IL BIVIO EUROPEO E IL CALENDARIO - A pesare in maniera decisiva sul delicato bilancio dell'annata è l'andamento claudicante in campionato. La recente e dolorosa sconfitta incassata per mano dell'Inter ha allontanato, forse in maniera irrimediabile, l'ambizioso traguardo della qualificazione alla prossima Champions League, costringendo la truppa romana a ridimensionare le proprie mire verso un più modesto piazzamento nelle coppe minori. Il weekend calcistico ormai alle porte assumerà i contorni di un crocevia fondamentale: mentre i capitolini dovranno obbligatoriamente superare l'ostacolo Pisa, i fari saranno puntati anche sugli incroci d'alta quota come Como-Inter e sull'attesissima sfida tra l'Atalanta guidata da Raffaele Palladino e la Juventus. Un intreccio di risultati incrociati che delineerà le reali gerarchie di questo turbolento finale di torneo.

GUERRA FREDDA A TRIGORIA - Se le ambizioni di classifica vacillano, complice anche una sfortuna cronica legata agli infortuni che ha decimato i titolari nella fase clou, i veri scricchiolii provengono dai corridoi del centro sportivo. La proprietà americana targata Friedkin ha recentemente imposto una tregua mediatica, invitando caldamente tutte le parti in causa ad abbassare drasticamente i toni. Un diktat che ha riportato una calma apparente, ma che non ha affatto spazzato via i malumori di fondo. La convivenza tra l'allenatore piemontese, Claudio Ranieri e Frederic Massara si è rivelata fin qui estremamente spigolosa e priva di quella serenità necessaria per consolidare un ciclo tecnico, sebbene la dirigenza a stelle e strisce abbia provato a ribadire la propria fiducia nel progetto.
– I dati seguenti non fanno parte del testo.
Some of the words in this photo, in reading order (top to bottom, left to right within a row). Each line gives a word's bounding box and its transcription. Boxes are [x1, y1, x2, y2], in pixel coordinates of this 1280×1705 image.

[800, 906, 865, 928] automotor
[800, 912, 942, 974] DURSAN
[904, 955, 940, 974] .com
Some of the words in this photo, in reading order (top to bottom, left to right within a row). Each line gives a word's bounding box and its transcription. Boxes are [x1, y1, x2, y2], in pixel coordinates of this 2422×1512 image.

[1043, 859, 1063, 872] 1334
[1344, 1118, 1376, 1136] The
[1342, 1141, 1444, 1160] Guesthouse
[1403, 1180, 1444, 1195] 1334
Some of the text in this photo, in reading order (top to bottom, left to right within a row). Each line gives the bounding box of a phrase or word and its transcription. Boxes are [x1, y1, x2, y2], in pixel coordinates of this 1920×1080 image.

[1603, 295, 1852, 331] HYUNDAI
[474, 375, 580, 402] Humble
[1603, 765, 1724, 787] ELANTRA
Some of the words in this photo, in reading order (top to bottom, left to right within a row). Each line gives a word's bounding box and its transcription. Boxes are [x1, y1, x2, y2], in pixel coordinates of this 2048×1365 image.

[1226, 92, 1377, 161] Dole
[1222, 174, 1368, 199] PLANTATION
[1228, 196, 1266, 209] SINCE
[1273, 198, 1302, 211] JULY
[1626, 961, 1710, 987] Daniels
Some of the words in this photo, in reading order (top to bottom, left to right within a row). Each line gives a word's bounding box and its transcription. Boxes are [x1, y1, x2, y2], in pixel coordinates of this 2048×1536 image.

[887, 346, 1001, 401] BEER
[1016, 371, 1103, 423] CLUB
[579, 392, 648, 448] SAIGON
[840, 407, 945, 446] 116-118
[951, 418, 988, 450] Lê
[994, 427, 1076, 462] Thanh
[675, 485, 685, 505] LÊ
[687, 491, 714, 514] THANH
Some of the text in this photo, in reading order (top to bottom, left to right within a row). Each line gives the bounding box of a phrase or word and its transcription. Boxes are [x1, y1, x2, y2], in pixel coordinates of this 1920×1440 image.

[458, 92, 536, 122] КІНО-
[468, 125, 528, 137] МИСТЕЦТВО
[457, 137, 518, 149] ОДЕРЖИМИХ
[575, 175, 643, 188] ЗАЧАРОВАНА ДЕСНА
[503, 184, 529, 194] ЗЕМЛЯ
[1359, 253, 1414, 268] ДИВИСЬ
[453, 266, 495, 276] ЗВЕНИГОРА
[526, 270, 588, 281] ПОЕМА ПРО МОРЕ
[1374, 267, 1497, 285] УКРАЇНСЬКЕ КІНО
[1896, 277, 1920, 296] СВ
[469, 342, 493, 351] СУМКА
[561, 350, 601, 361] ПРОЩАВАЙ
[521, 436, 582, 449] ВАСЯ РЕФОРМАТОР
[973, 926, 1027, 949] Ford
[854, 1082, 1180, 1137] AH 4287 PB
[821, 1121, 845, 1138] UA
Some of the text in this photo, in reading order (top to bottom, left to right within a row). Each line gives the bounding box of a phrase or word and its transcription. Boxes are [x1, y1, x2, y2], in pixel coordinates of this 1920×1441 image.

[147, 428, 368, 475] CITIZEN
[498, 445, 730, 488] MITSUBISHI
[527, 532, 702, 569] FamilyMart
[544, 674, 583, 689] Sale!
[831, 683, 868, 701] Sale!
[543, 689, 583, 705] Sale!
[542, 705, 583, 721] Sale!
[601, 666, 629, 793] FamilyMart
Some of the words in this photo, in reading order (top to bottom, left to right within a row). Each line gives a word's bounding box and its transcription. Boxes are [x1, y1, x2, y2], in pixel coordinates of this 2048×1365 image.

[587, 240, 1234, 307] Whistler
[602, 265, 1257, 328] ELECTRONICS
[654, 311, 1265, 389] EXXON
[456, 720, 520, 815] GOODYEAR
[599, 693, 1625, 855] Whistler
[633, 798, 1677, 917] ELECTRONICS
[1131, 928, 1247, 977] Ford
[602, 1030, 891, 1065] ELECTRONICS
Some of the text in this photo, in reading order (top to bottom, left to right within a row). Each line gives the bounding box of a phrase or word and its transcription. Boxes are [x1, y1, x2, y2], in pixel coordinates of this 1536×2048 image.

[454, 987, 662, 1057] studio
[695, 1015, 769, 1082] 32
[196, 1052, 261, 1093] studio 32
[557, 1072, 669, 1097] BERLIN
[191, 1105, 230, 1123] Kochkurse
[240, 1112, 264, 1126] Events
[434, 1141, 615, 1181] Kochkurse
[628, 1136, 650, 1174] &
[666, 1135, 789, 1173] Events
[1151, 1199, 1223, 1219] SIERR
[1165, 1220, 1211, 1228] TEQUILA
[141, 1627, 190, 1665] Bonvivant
IL NODO CENTENARIO E L'OMBRA DELL'ADDIO - Sullo sfondo si staglia l'imponente traguardo del Centenario del club, per il quale i padroni della società sognano di allestire una corazzata di altissimo profilo attraverso investimenti massicci. Propositi nobili che però si scontrano con la dura e pragmatica realtà del presente. L'ex santone nerazzurro è stato cristallino nel delineare il suo pensiero, sottolineando in maniera sibillina come «tutti debbano essere felici» per poter proseguire l'avventura mano nella mano. Forte di un contratto ancora valido per le prossime due stagioni a cifre faraoniche, è comunque da escludere a priori l'ipotesi di dimissioni al buio: esattamente come avvenuto al momento di salutare Bergamo, il mister non lascerà la poltrona senza avere già tra le mani un solido accordo con un nuovo club, trasformando la questione in una complessa, logorante e dispendiosa partita a scacchi.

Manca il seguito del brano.